Erfahrene Wandermusikanten wurden Kapellmeister. Der Kapellmeister war der Leiter seiner Musikkapelle, er stellte sie zusammen, warb die Mitglieder an, wählte die Stücke aus und übte sie mit seinen Musikern ein, in der Regel während der Winterzeit. Kapellmeister mussten theoretisches Musikwissen haben, da sie die Auswahl des Repertoires und die Stimmen der Stücke an die jeweilige Besetzung der Kapelle anpassen und für die Mitglieder auch die Stimmbücher schreiben mussten[4]. Sie mussten über organisatorisches Geschick verfügen, da sie für die Engagements, die Planung der Reiseroute, die Verpflegung der Musiker, die Wahl der Unterkünfte und die Disziplin während der Reise verantwortlich waren. Die Kapellmeister kamen für die Reisekosten auf und stellten auch die Uniformen. Oftmals konnten gute Kapellmeister schon während der Überfahrt ein Engagement als Bordkapelle erlangen und so die Reisekosten erheblich senken.[2][1]

Orchestermusiker

Das Repertoire der Wandermusikanten enthielt immer neben Unterhaltungsmusik auch sogenannte E-Musik. Das Beherrschen klassischer Musik war Grundvoraussetzung, um im Ausland eines der begehrten längeren Engagement an einem Ort zu bekommen, und war bei guten Kapellen selbstverständlich. Gute Musikanten konnten ohne längeres Proben direkt „vom Blatt“ spielen. All dies und auch die Tatsache, dass gerade in den USA in der zweiten Hälfte des 19. Jahrhunderts viele Symphonieorchester gegründet wurden, machte es einigen Wandermusikanten einfach, dort als Profimusiker unterzukommen:

Dies sind nur einige Beispiele. Maria Bauer erwähnt in „Das Hohenöller Musikantentum“ von 1921, dass das Boston Symphony Orchestra in der Gründungszeit zu zwei Dritteln aus Westpfälzer Wandermusikanten bestanden haben soll. Da diese Musikanten in der Regel nicht mehr in ihre alte Heimat zurückkehrten, verlor das Musikantenland viele seiner fähigsten Musiker[4].

Musikerfrauen

Musikerinnen waren eher selten. Oft wurde die Ehefrau eines jüngeren Musikanten mit auf eine Reise genommen, damit sie sich während der Reise um den Haushalt kümmern konnte. Bei längeren Reisen oder festen Engagements war manchmal auch die gesamte Familie dabei.
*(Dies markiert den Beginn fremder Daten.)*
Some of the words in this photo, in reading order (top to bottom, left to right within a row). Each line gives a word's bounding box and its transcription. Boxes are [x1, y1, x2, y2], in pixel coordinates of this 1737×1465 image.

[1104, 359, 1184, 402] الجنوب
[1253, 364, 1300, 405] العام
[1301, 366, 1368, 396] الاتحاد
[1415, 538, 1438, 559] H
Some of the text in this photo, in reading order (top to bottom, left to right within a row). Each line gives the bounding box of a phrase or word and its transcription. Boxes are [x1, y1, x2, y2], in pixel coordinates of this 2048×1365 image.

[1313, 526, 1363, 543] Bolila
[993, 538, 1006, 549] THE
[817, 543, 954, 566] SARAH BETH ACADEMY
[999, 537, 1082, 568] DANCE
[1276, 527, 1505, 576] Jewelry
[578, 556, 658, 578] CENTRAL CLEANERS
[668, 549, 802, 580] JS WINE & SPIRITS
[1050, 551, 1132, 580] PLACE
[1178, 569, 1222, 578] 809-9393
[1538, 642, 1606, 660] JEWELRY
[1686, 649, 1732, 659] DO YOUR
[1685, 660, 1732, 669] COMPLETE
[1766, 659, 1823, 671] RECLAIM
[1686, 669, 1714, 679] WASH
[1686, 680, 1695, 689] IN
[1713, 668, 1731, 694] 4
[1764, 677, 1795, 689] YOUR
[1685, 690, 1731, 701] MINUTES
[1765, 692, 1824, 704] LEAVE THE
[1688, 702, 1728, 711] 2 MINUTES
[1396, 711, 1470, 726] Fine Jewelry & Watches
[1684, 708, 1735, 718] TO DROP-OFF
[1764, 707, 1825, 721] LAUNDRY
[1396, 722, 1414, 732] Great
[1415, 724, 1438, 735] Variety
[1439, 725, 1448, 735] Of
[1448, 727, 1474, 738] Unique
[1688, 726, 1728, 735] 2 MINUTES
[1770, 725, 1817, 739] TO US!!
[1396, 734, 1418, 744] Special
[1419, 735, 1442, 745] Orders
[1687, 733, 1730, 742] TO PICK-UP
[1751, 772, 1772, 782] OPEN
Hubertus Kilian nahm seine Frau Phillipine 1858 mit nach Australien, zwei ihrer sieben Kinder wurden dort während der siebenjährigen Reise geboren. Auch Rudolf Mersy aus Aschbach verbrachte seine Kindheit zusammen mit seinen Eltern in Edinburgh und ging dort zur Schule.

Dies war nicht mehr möglich, wenn man zu Hause als zweites Standbein oder zur Altersvorsorge ein Geschäft oder Landwirtschaft betrieb. Vor allem bei den kürzeren Reisen während der Sommermonate waren es deshalb in der Regel ausschließlich die Männer, die musizierend umherzogen. Die Frauen übernahmen zu Hause neben der Erziehung der Kinder auch die traditionellen Männerarbeiten wie die Führung der Landwirtschaft[2].

Ablauf der Reisen

Die Kapelle wurde vom Kapellmeister im Herbst zusammengestellt, indem er die Musiker per Handschlag engagierte. Nach der Festlegung des Repertoires wurden die Stücke während des Winters eingeübt. Mehrmals in der Woche wurde dazu geprobt, meist im Haus des Kapellmeisters. Während dieser Zeit bestellte der Kapellmeister die Uniformen für die Mitglieder seiner Kapelle. In der Winterzeit wurden Ziele und Reiseroute geplant, die oft so gelegt wurden, dass vor allem Gebiete besucht wurden, in denen viele Auswanderer einer bestimmten Nationalität lebten, dies mussten nicht unbedingt nur Deutsche sein. Da die Kapellen ihr Repertoire an ihr Publikum anpassen konnten, erzielte man dadurch in der Regel höhere Einnahmen[4]. Ziele waren auch Länder oder Gegenden, die einen wirtschaftlichen Aufschwung erlebten und deshalb höhere Einnahmen versprachen. Aus diesem Grund wählte Hubertus Killian 1858 Australien als Reiseziel aus[1]. Waren Ziele und Route festgelegt, kümmerte sich der Kapellmeister um den Transport der Kapelle und des Gepäcks zu einem geeigneten Hafen, um die Schiffspassagen und um Unterkünfte. Eventuell konnte er schon erste Engagements festmachen.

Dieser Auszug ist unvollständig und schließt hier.